• Exercise requirements: Nothing should differ between your answer and the records below.

• Records shown:

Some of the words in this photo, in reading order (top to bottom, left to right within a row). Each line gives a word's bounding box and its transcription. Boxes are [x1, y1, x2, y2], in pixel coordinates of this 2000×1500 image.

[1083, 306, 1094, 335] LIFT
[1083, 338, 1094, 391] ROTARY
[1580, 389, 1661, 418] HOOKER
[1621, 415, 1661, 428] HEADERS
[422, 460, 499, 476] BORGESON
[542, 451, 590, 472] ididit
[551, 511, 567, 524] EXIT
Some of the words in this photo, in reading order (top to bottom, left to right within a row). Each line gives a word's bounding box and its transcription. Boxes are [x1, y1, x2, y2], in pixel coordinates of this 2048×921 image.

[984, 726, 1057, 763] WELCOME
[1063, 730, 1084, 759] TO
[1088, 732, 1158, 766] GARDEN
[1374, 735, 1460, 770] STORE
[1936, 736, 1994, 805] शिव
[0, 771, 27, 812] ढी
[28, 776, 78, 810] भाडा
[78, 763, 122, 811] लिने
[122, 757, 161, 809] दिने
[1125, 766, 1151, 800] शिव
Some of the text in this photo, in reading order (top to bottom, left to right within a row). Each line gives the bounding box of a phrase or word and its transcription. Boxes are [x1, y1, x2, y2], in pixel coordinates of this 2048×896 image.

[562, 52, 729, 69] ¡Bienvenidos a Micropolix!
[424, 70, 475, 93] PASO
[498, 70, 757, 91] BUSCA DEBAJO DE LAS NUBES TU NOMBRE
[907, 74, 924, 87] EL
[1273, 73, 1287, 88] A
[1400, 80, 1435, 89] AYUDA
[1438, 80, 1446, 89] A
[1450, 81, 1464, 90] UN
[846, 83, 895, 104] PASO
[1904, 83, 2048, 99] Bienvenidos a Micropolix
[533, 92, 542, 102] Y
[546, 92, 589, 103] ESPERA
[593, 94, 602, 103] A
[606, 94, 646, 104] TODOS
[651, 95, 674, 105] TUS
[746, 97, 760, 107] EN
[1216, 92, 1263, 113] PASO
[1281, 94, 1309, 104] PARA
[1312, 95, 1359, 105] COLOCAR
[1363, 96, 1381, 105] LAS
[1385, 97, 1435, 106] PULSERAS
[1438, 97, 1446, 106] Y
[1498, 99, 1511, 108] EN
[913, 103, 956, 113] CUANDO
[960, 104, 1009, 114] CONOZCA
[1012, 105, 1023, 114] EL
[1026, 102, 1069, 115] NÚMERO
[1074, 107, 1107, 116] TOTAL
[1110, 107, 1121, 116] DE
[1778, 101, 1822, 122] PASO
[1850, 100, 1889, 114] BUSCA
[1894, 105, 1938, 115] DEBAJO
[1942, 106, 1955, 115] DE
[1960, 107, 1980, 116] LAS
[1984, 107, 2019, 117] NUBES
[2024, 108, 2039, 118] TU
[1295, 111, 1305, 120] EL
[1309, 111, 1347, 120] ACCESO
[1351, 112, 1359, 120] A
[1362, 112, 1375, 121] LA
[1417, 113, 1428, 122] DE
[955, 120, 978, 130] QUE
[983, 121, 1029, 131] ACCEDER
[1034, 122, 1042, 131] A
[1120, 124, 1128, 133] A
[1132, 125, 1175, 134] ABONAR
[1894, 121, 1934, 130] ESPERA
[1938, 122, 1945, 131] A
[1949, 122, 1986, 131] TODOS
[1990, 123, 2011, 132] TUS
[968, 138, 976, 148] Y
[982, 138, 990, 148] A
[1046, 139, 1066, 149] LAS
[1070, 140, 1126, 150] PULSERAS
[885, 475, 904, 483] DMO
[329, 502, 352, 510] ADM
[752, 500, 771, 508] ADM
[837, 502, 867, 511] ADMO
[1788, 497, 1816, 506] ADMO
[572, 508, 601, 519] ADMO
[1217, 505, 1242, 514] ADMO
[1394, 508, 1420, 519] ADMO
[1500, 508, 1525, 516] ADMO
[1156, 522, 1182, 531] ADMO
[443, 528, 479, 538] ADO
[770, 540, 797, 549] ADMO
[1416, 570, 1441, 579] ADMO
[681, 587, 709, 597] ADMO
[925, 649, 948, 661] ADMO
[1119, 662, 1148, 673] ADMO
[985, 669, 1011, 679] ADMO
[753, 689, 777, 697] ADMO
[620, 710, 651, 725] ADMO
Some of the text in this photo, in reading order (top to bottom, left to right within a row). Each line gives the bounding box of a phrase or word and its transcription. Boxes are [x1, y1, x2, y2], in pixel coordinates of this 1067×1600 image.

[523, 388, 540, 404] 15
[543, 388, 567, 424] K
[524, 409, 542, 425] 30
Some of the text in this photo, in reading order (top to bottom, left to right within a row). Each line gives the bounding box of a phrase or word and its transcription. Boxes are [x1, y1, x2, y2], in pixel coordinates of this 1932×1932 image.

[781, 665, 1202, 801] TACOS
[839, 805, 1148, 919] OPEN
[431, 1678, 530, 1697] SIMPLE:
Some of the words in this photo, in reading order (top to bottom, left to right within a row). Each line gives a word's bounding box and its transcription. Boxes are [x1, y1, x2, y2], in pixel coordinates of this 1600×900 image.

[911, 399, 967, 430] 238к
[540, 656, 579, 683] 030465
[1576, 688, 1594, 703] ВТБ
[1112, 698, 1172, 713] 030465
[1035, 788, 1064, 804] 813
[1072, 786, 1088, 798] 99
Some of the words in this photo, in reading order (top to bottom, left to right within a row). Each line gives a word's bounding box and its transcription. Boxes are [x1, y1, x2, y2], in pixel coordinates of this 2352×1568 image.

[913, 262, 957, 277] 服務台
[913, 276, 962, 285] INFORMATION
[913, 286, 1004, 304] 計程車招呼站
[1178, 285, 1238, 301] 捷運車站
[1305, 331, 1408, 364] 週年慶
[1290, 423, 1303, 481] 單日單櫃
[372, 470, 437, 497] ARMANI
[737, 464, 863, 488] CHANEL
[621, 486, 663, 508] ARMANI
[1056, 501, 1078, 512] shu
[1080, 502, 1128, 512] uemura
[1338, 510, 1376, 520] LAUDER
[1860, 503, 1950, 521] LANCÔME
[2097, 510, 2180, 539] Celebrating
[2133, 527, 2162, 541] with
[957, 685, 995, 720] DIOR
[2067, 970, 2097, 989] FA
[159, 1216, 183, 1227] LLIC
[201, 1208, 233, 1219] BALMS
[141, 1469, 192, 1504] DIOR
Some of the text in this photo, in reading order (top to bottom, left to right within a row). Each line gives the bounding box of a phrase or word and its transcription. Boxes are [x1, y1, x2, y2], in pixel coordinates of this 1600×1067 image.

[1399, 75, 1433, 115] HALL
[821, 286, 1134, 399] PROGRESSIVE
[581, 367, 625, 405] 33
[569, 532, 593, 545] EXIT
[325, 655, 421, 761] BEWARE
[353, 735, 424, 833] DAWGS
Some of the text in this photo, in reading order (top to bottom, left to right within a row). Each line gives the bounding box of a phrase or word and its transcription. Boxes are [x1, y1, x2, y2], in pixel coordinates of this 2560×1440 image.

• Result:
Some of the words in this photo, in reading order (top to bottom, left to right within a row). Each line gives a word's bounding box and its transcription. Boxes are [x1, y1, x2, y2], in pixel coordinates of this 2000×1500 image.

[1083, 306, 1094, 335] LIFT
[1083, 338, 1094, 391] ROTARY
[1580, 389, 1661, 418] HOOKER
[1621, 415, 1661, 428] HEADERS
[422, 460, 499, 476] BORGESON
[542, 451, 590, 472] ididit
[551, 511, 567, 524] EXIT
Some of the words in this photo, in reading order (top to bottom, left to right within a row). Each line gives a word's bounding box and its transcription. Boxes are [x1, y1, x2, y2], in pixel coordinates of this 2048×921 image.

[984, 726, 1057, 763] WELCOME
[1063, 730, 1084, 759] TO
[1088, 732, 1158, 766] GARDEN
[1374, 735, 1460, 770] STORE
[1936, 736, 1994, 805] शिव
[0, 771, 27, 812] ढी
[28, 776, 78, 810] भाडा
[78, 763, 122, 811] लिने
[122, 757, 161, 809] दिने
[1125, 766, 1151, 800] शिव
Some of the text in this photo, in reading order (top to bottom, left to right within a row). Each line gives the bounding box of a phrase or word and its transcription. Boxes are [x1, y1, x2, y2], in pixel coordinates of this 2048×896 image.

[562, 52, 729, 69] ¡Bienvenidos a Micropolix!
[424, 70, 475, 93] PASO
[498, 70, 757, 91] BUSCA DEBAJO DE LAS NUBES TU NOMBRE
[907, 74, 924, 87] EL
[1273, 73, 1287, 88] A
[1400, 80, 1435, 89] AYUDA
[1438, 80, 1446, 89] A
[1450, 81, 1464, 90] UN
[846, 83, 895, 104] PASO
[1904, 83, 2048, 99] Bienvenidos a Micropolix
[533, 92, 542, 102] Y
[546, 92, 589, 103] ESPERA
[593, 94, 602, 103] A
[606, 94, 646, 104] TODOS
[651, 95, 674, 105] TUS
[746, 97, 760, 107] EN
[1216, 92, 1263, 113] PASO
[1281, 94, 1309, 104] PARA
[1312, 95, 1359, 105] COLOCAR
[1363, 96, 1381, 105] LAS
[1385, 97, 1435, 106] PULSERAS
[1438, 97, 1446, 106] Y
[1498, 99, 1511, 108] EN
[913, 103, 956, 113] CUANDO
[960, 104, 1009, 114] CONOZCA
[1012, 105, 1023, 114] EL
[1026, 102, 1069, 115] NÚMERO
[1074, 107, 1107, 116] TOTAL
[1110, 107, 1121, 116] DE
[1778, 101, 1822, 122] PASO
[1850, 100, 1889, 114] BUSCA
[1894, 105, 1938, 115] DEBAJO
[1942, 106, 1955, 115] DE
[1960, 107, 1980, 116] LAS
[1984, 107, 2019, 117] NUBES
[2024, 108, 2039, 118] TU
[1295, 111, 1305, 120] EL
[1309, 111, 1347, 120] ACCESO
[1351, 112, 1359, 120] A
[1362, 112, 1375, 121] LA
[1417, 113, 1428, 122] DE
[955, 120, 978, 130] QUE
[983, 121, 1029, 131] ACCEDER
[1034, 122, 1042, 131] A
[1120, 124, 1128, 133] A
[1132, 125, 1175, 134] ABONAR
[1894, 121, 1934, 130] ESPERA
[1938, 122, 1945, 131] A
[1949, 122, 1986, 131] TODOS
[1990, 123, 2011, 132] TUS
[968, 138, 976, 148] Y
[982, 138, 990, 148] A
[1046, 139, 1066, 149] LAS
[1070, 140, 1126, 150] PULSERAS
[885, 475, 904, 483] DMO
[329, 502, 352, 510] ADM
[752, 500, 771, 508] ADM
[837, 502, 867, 511] ADMO
[1788, 497, 1816, 506] ADMO
[572, 508, 601, 519] ADMO
[1217, 505, 1242, 514] ADMO
[1394, 508, 1420, 519] ADMO
[1500, 508, 1525, 516] ADMO
[1156, 522, 1182, 531] ADMO
[443, 528, 479, 538] ADO
[770, 540, 797, 549] ADMO
[1416, 570, 1441, 579] ADMO
[681, 587, 709, 597] ADMO
[925, 649, 948, 661] ADMO
[1119, 662, 1148, 673] ADMO
[985, 669, 1011, 679] ADMO
[753, 689, 777, 697] ADMO
[620, 710, 651, 725] ADMO
Some of the text in this photo, in reading order (top to bottom, left to right within a row). Each line gives the bounding box of a phrase or word and its transcription. Boxes are [x1, y1, x2, y2], in pixel coordinates of this 1067×1600 image.

[523, 388, 540, 404] 15
[543, 388, 567, 424] K
[524, 409, 542, 425] 30
Some of the text in this photo, in reading order (top to bottom, left to right within a row). Each line gives the bounding box of a phrase or word and its transcription. Boxes are [x1, y1, x2, y2], in pixel coordinates of this 1932×1932 image.

[781, 665, 1202, 801] TACOS
[839, 805, 1148, 919] OPEN
[431, 1678, 530, 1697] SIMPLE:
Some of the words in this photo, in reading order (top to bottom, left to right within a row). Each line gives a word's bounding box and its transcription. Boxes are [x1, y1, x2, y2], in pixel coordinates of this 1600×900 image.

[911, 399, 967, 430] 238к
[540, 656, 579, 683] 030465
[1576, 688, 1594, 703] ВТБ
[1112, 698, 1172, 713] 030465
[1035, 788, 1064, 804] 813
[1072, 786, 1088, 798] 99
Some of the words in this photo, in reading order (top to bottom, left to right within a row). Each line gives a word's bounding box and its transcription. Boxes are [x1, y1, x2, y2], in pixel coordinates of this 2352×1568 image.

[913, 262, 957, 277] 服務台
[913, 276, 962, 285] INFORMATION
[913, 286, 1004, 304] 計程車招呼站
[1178, 285, 1238, 301] 捷運車站
[1305, 331, 1408, 364] 週年慶
[1290, 423, 1303, 481] 單日單櫃
[372, 470, 437, 497] ARMANI
[737, 464, 863, 488] CHANEL
[621, 486, 663, 508] ARMANI
[1056, 501, 1078, 512] shu
[1080, 502, 1128, 512] uemura
[1338, 510, 1376, 520] LAUDER
[1860, 503, 1950, 521] LANCÔME
[2097, 510, 2180, 539] Celebrating
[2133, 527, 2162, 541] with
[957, 685, 995, 720] DIOR
[2067, 970, 2097, 989] FA
[159, 1216, 183, 1227] LLIC
[201, 1208, 233, 1219] BALMS
[141, 1469, 192, 1504] DIOR
Some of the text in this photo, in reading order (top to bottom, left to right within a row). Each line gives the bounding box of a phrase or word and its transcription. Boxes are [x1, y1, x2, y2], in pixel coordinates of this 1600×1067 image.

[1399, 75, 1433, 115] HALL
[821, 286, 1134, 399] PROGRESSIVE
[581, 367, 625, 405] 33
[569, 532, 593, 545] EXIT
[325, 655, 421, 761] BEWARE
[353, 735, 424, 833] DAWGS
Some of the text in this photo, in reading order (top to bottom, left to right within a row). Each line gives the bounding box of a phrase or word and its transcription. Boxes are [x1, y1, x2, y2], in pixel coordinates of this 2560×1440 image.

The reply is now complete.